Set the Asset Type options as Campaign Brief, Brand Guideline, Product Page, Customer Research, Webinar Transcript, Case Study, Reporting Export, Sales Notes, Standard Operating Procedure, and Training Document.

Set the Sensitivity Level options as Public, Internal, Confidential, and Restricted.

Create these views.

  • Create an Approved Assets view.
  • Create a High-Sensitivity Assets view.
  • Create a Review Due view.
  • Create a By Asset Type view.
  • Create an Expired or Outdated view.
  • Create a By Related Workflow view.

Create one template called New Source Asset. The template body should prompt for the asset description, the approved use, and the prohibited use. It should also prompt for the source of truth, the update cadence, and the sensitivity notes.

Database Five: Training Notes

Create the Training Notes database fifth. This database helps people use the system correctly. Training notes connect the repository to adoption, and they should reduce hesitation during real work.

Add these properties.

  • Training Topic uses the title field.
  • Audience uses a select field.
  • Skill Level uses a select field.
  • Related Workflow uses a relation to Workflows.
  • Related Prompt uses a relation to Prompts.
  • Quick-Start Instructions uses a text field.
  • Walkthrough Notes uses a text field or a page body section.
  • Example Input uses a text field.
  • Example Output uses a text field.
  • Common Mistakes uses a text field.
  • Support Contact uses a person field.
  • Last Updated Date uses a date field.

Set the Audience options as Content Users, Demand Generation Users, Campaign Operations Users, Sales Enablement Users, Managers, and Reviewers.

Set the Skill Level options as Beginner, Intermediate, and Advanced.

Create these views.

  • Create a Quick Starts view.
  • Create a New User Path view.
  • Create a Manager Training view.
  • Create a Reviewer Training view.
  • Create a By Workflow view.
  • Create a Recently Updated view.

Create one template called New Training Note. The template body should explain when to use the training and what the user needs before starting. It should also list the steps in order, describe what good output looks like, show common mistakes, and name the support contact.
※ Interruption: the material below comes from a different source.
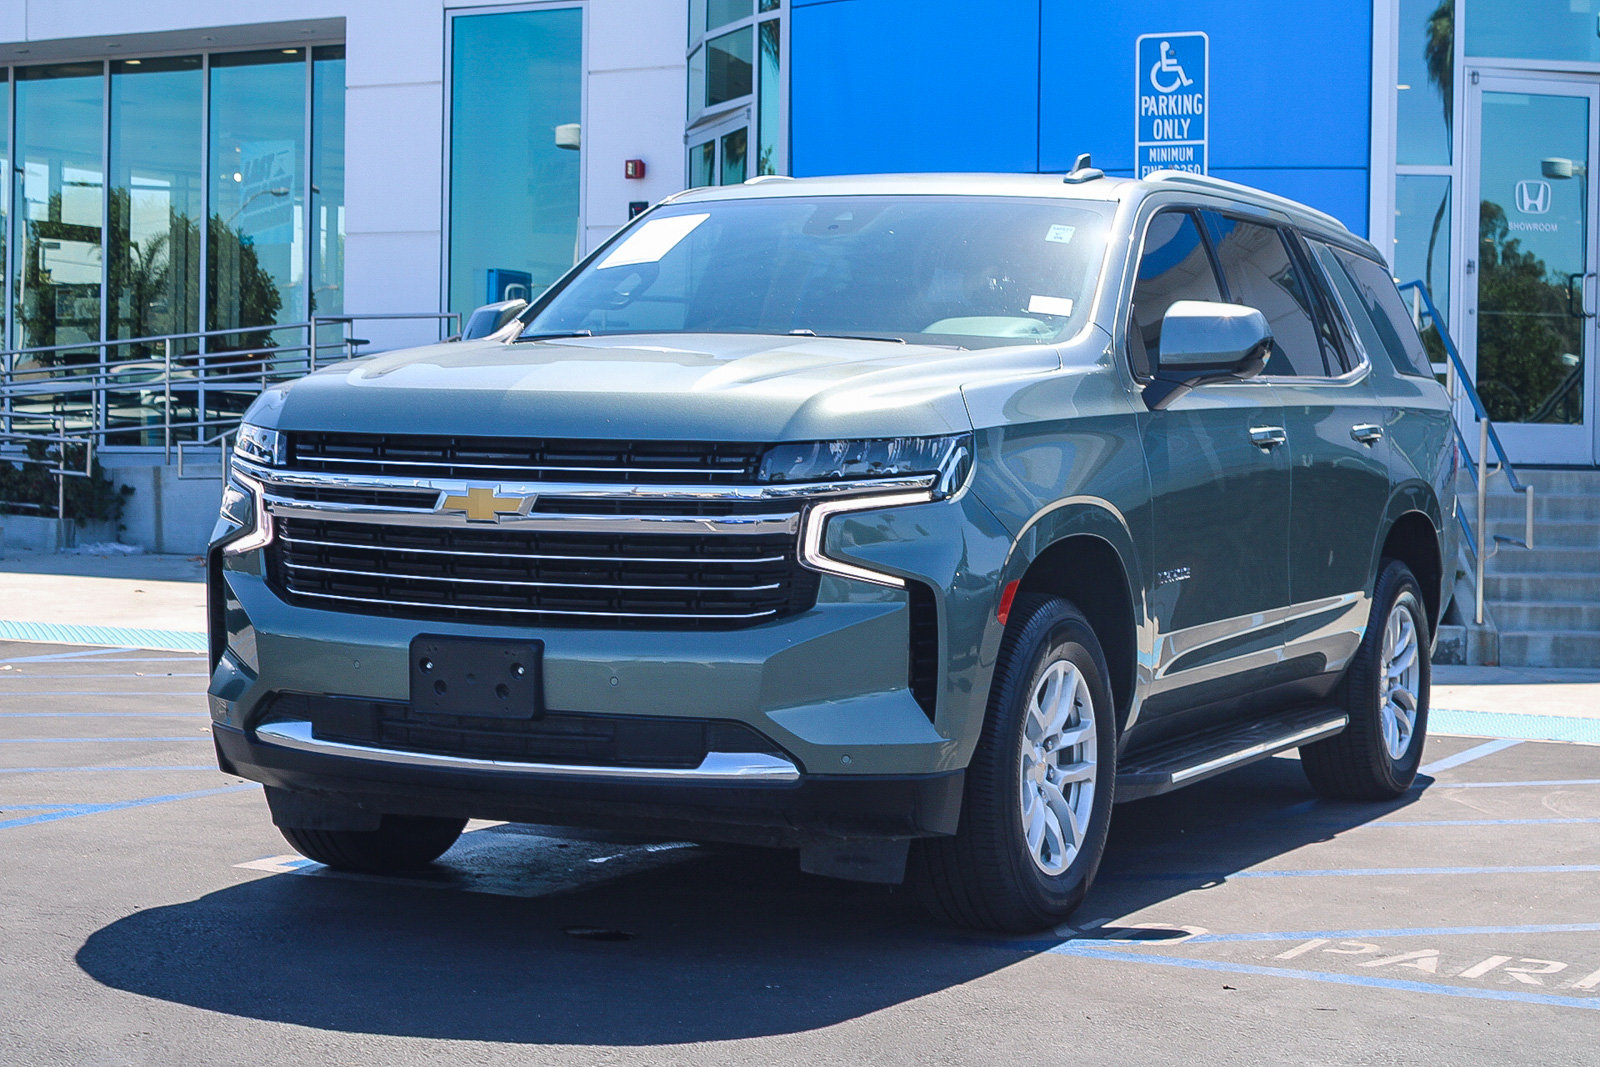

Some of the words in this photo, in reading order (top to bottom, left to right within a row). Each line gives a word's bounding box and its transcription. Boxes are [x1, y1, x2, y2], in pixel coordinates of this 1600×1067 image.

[1141, 93, 1203, 117] PARKING
[1153, 118, 1191, 140] ONLY
[1149, 147, 1194, 162] MINIMUM
[1508, 222, 1558, 232] SHOWROOM
Database Six: Governance Rules

Create the Governance Rules database sixth. This database stores practical operating rules as records rather than a buried document. Storing governance in a database lets each rule connect to the workflows it governs.

Add these properties.

  • Rule Name uses the title field.
  • Rule Description uses a text field.
  • Category uses a select field.
  • Applies To uses a multi-select field.
  • Approved Tools uses a multi-select field.
  • Restricted Tools uses a multi-select field.
  • Approved Data Categories uses a multi-select field.
  • Prohibited Data Categories uses a multi-select field.
  • Human Review Requirement uses a select field.
  • Escalation Owner uses a person field.
  • Reason for Rule uses a text field.
  • Related Workflows uses a relation to Workflows.
  • Last Reviewed Date uses a date field.
  • Next Review Date uses a date field.

Set the Category options as Data Handling, Customer-Facing Content, Executive Reporting, Sales Recommendations, Public Publishing, Sensitive Internal Communication, Automated Workflow Actions, and Tool Access and Permissions.
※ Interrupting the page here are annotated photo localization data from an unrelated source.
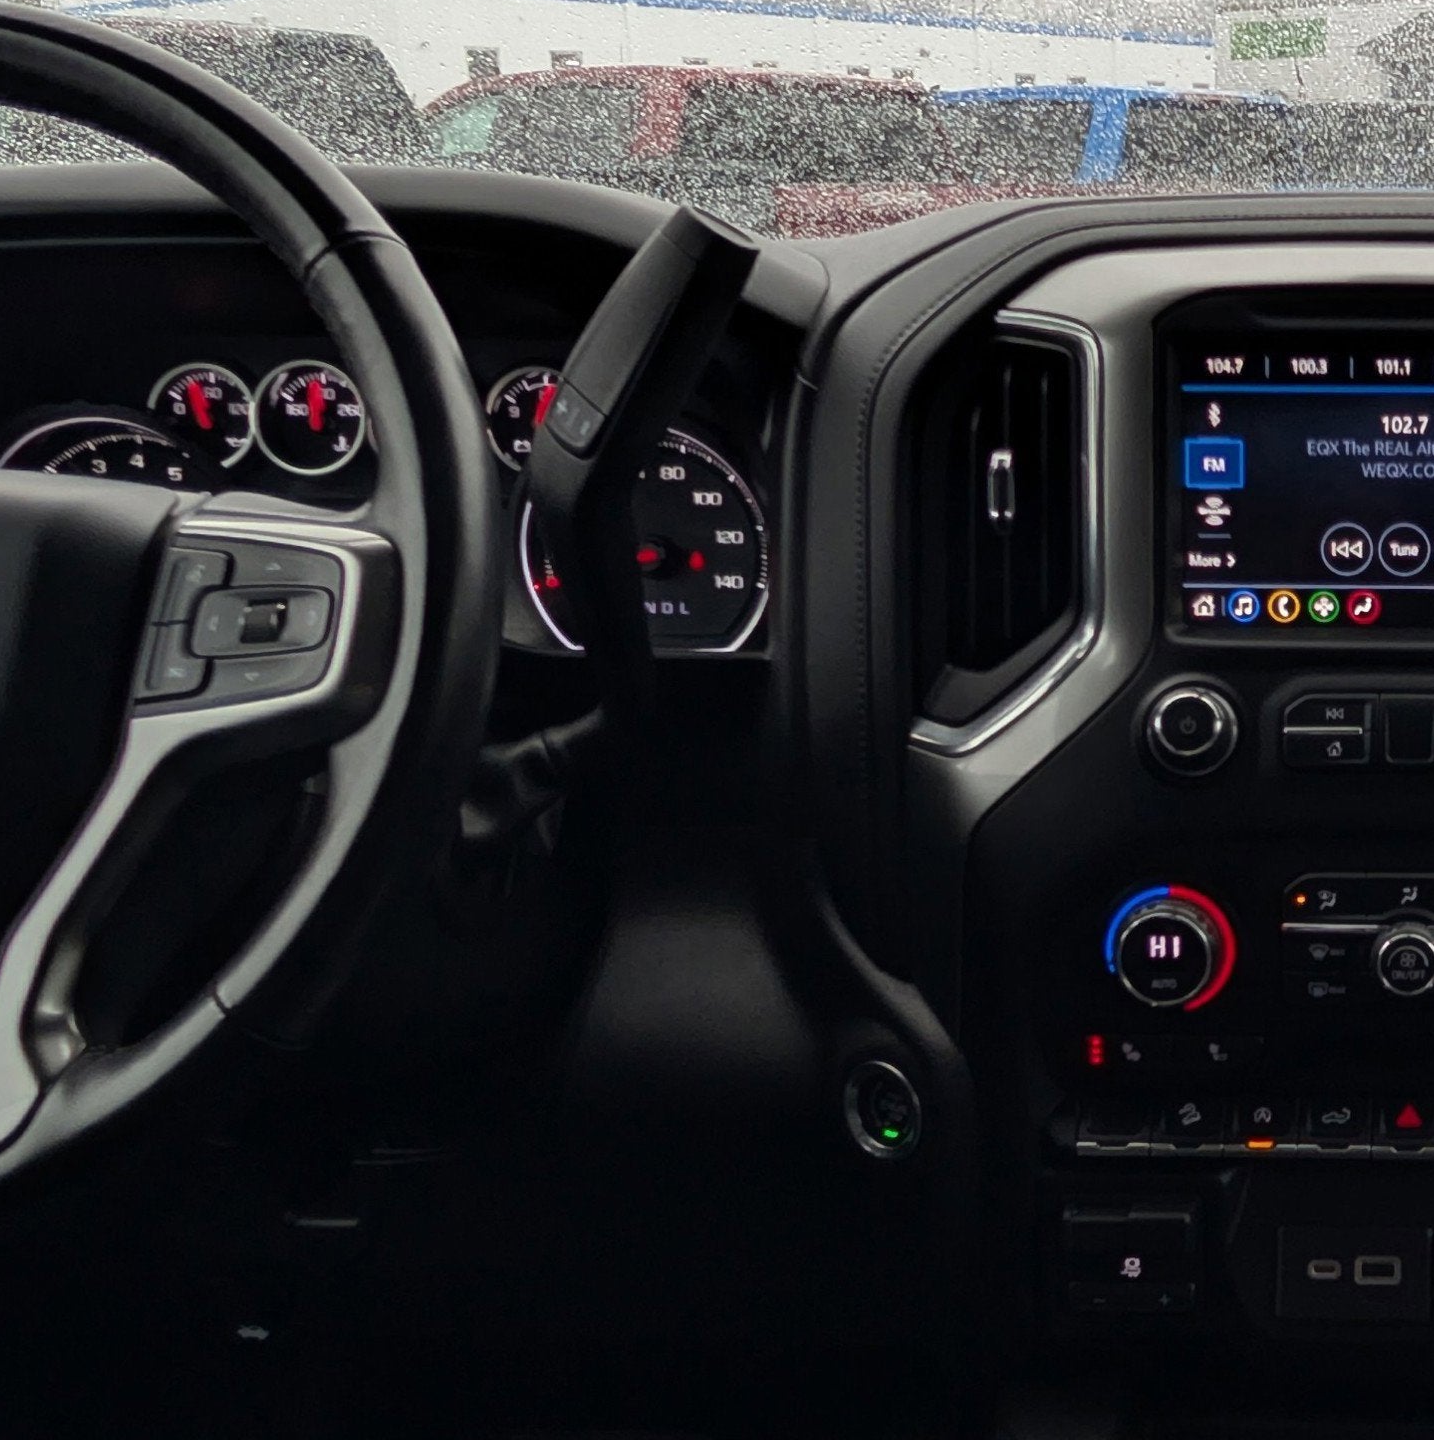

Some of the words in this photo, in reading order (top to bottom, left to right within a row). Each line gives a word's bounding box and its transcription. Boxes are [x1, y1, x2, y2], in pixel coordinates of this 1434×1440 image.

[1206, 357, 1244, 375] 104.7
[1291, 358, 1328, 375] 100.3
[1376, 358, 1411, 376] 101.1
[172, 401, 187, 416] 0
[1381, 415, 1429, 435] 102.7
[1306, 439, 1340, 457] EQX
[1342, 440, 1370, 456] The
[1374, 440, 1413, 457] REAL
[91, 459, 108, 474] 3
[129, 453, 145, 468] 4
[1202, 457, 1226, 473] FM
[167, 466, 183, 482] 5
[658, 465, 686, 481] 80
[691, 491, 723, 507] 100
[715, 530, 745, 545] 120
[1388, 541, 1420, 557] Tune
[1188, 551, 1222, 568] More
[713, 575, 745, 590] 140
[1149, 935, 1181, 959] HI
Set the Human Review Requirement options as User Review, Owner Review, Source Verification, Specialist Review, Leadership Approval, and Not Approved for Use.

Create these views.

  • Create an Active Rules view.
  • Create a Rules by Risk Area view.
  • Create a Rules Due for Review view.
  • Create an Escalation Required view.
  • Create a Rules by Workflow view.

Create one template called New Governance Rule. The template body should state the rule in plain language and explain the reason it exists. It should also list what it applies to, state the human review requirement, name the escalation path, and show what is allowed and what is not allowed.

Connect the Databases With Relations

After the six databases exist, connect them. The relations are what make the repository useful.

Use this relationship structure.

  • AI Use Cases connect to Workflows.
  • Workflows connect to Prompts.
  • Workflows connect to Source Assets.
  • Workflows connect to Training Notes.
  • Workflows connect to Governance Rules.
  • Prompts connect to Source Assets when specific approved materials matter.
  • Governance Rules connect to every workflow they control.

This step is not optional. A prompt becomes reliable once it links to a workflow. A workflow earns trust once it links to its source assets. A governance rule gets followed once it links to the workflows it controls.

How the six databases connect

Create the Executive Dashboard

Return to the main homepage. This page should act as the executive dashboard, and it should use linked database views from the six databases.

Add these dashboard sections.

  • Add an Active Workflows section.
  • Add a Pilot Queue section.
  • Add a Review Due This Month section.
  • Add an Approved Prompt Library section.
  • Add a Source Assets by Sensitivity section.
  • Add a Quick-Start Training section.
  • Add an Open Governance Decisions section.
  • Add a Recently Updated Assets section.
  • Add a Retired Workflows and Prompts section.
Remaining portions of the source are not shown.